Más de dos meses después de la caída de Trípoli, los nuevos líderes libios siguen esforzándose para tomar control de vastos arsenales de armas, impedir que salgan del país municiones y desarmar a miles de combatientes que liquidaron el régimen de Moamar Gadafi.

La comunidad internacional ha ofrecido ayuda, pero también espera que los libios actúen. Sin embargo el gobierno interino — en el limbo hasta la formación de un nuevo gobierno a mediados de mes — podría no estar a la altura de las circunstancias. El líder interino, en respuesta a llamamientos internacionales cada vez más urgentes, dijo que no puede hacer mucho porque carece de fondos.

El mes pasado, investigadores de la organización Human Rights Watch hallaron en el desierto un arsenal de armas sin custodia que incluía miles de granadas y municiones antiaéreas.
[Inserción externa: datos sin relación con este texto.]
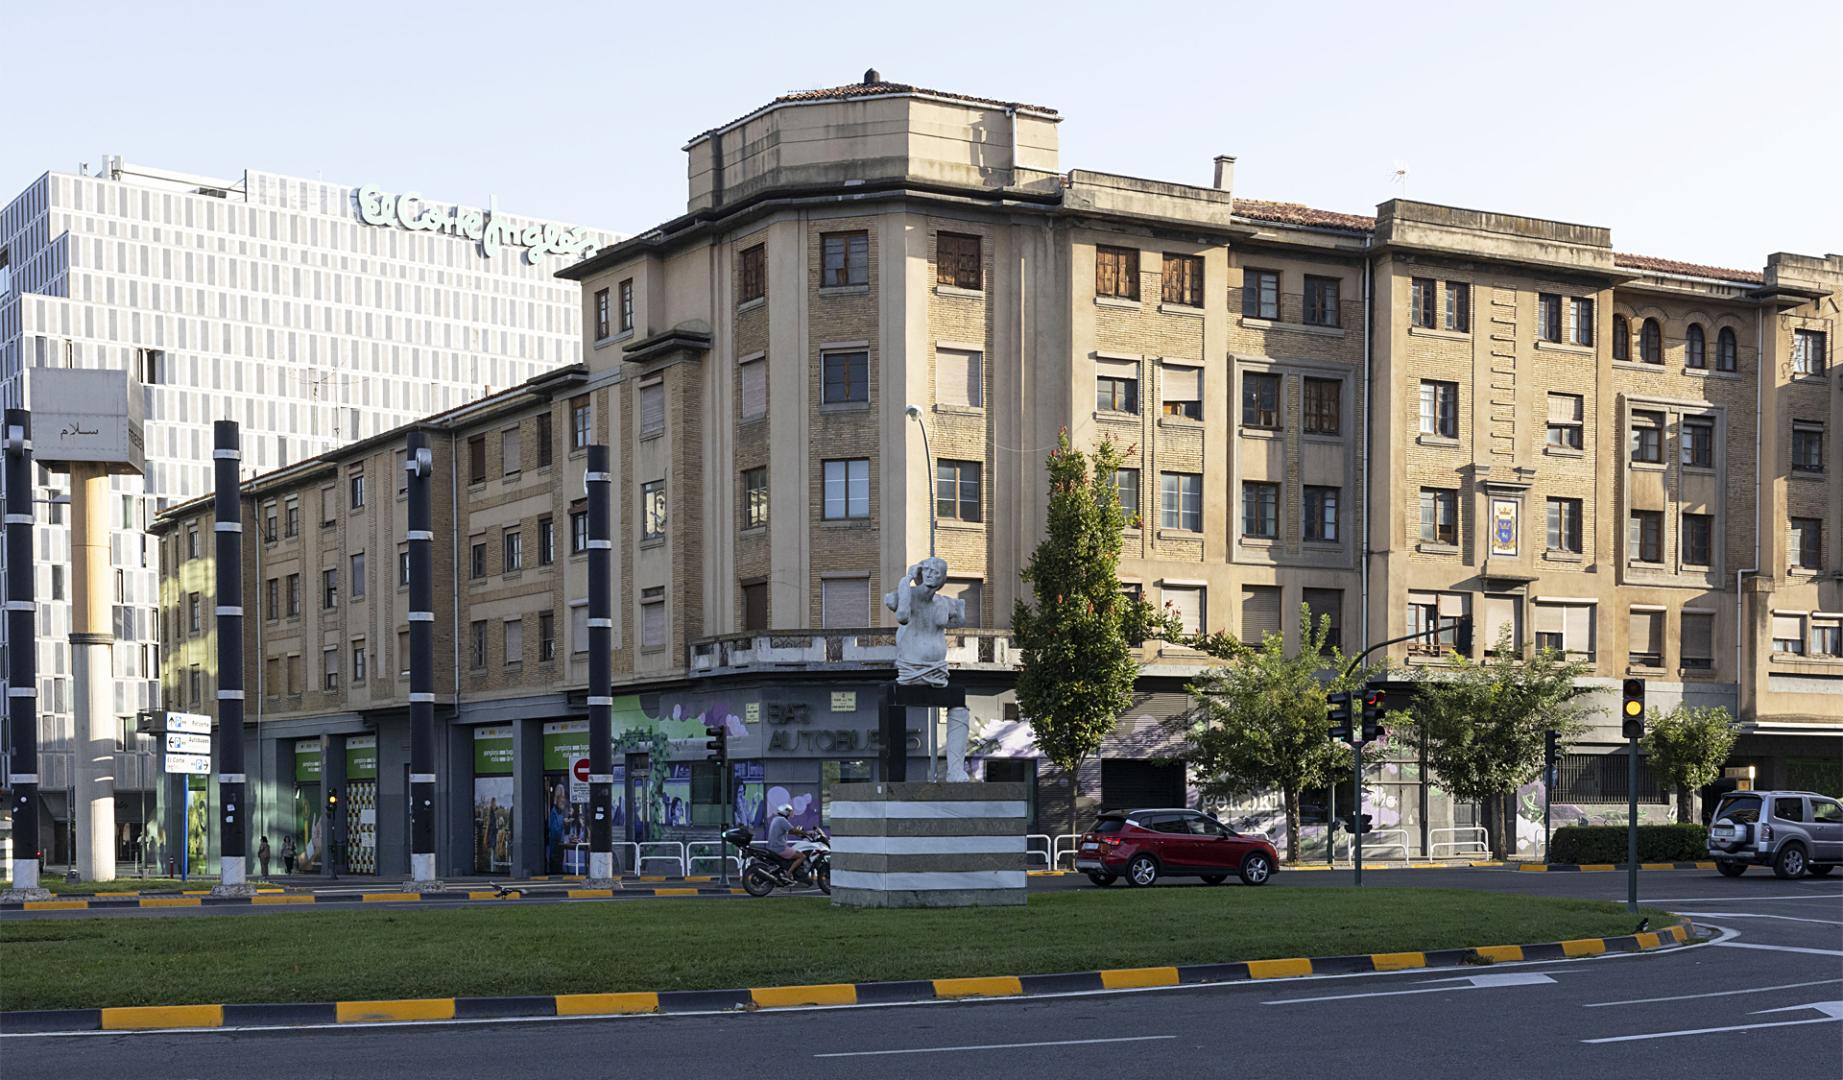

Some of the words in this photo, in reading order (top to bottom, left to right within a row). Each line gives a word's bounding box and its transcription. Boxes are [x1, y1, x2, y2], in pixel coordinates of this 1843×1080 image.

[358, 183, 397, 227] El
[397, 191, 483, 240] Corte
[60, 421, 99, 441] سلام
[768, 703, 811, 725] BAR
[768, 729, 922, 752] AUTOBUSS
Las autoridades libias también descubrieron dos complejos militares con armas químicas que, según dijo un funcionario, estaban listas para ser armadas y usadas, como también otro sitio donde se hallaron 7.000 tambores con uranio crudo. Inspectores de armas químicas llegaron a Libia esta semana para empezar a asegurar esos depósitos, dijo un funcionario de las Naciones Unidas.

La situación ha provocado temores de que el material — que incluye proyectiles antiaéreos manuales que representan una amenaza a la aviación civil — pudieran caer en manos peligrosas.

Para complicar el problema, una multitud de combatientes revolucionarios se ha negado a desarmarse y ha habido una serie de venganzas entre hombres armados de grupos rivales, incluso un tiroteo en un hospital de Trípoli esta semana. Los líderes libios están cada vez más preocupados.

El secretario general de la ONU, Ban Ki-moon, visitó Libia el miércoles para manifestar personalmente su preocupación por las armas que están fuera del control del nuevo gobierno libio.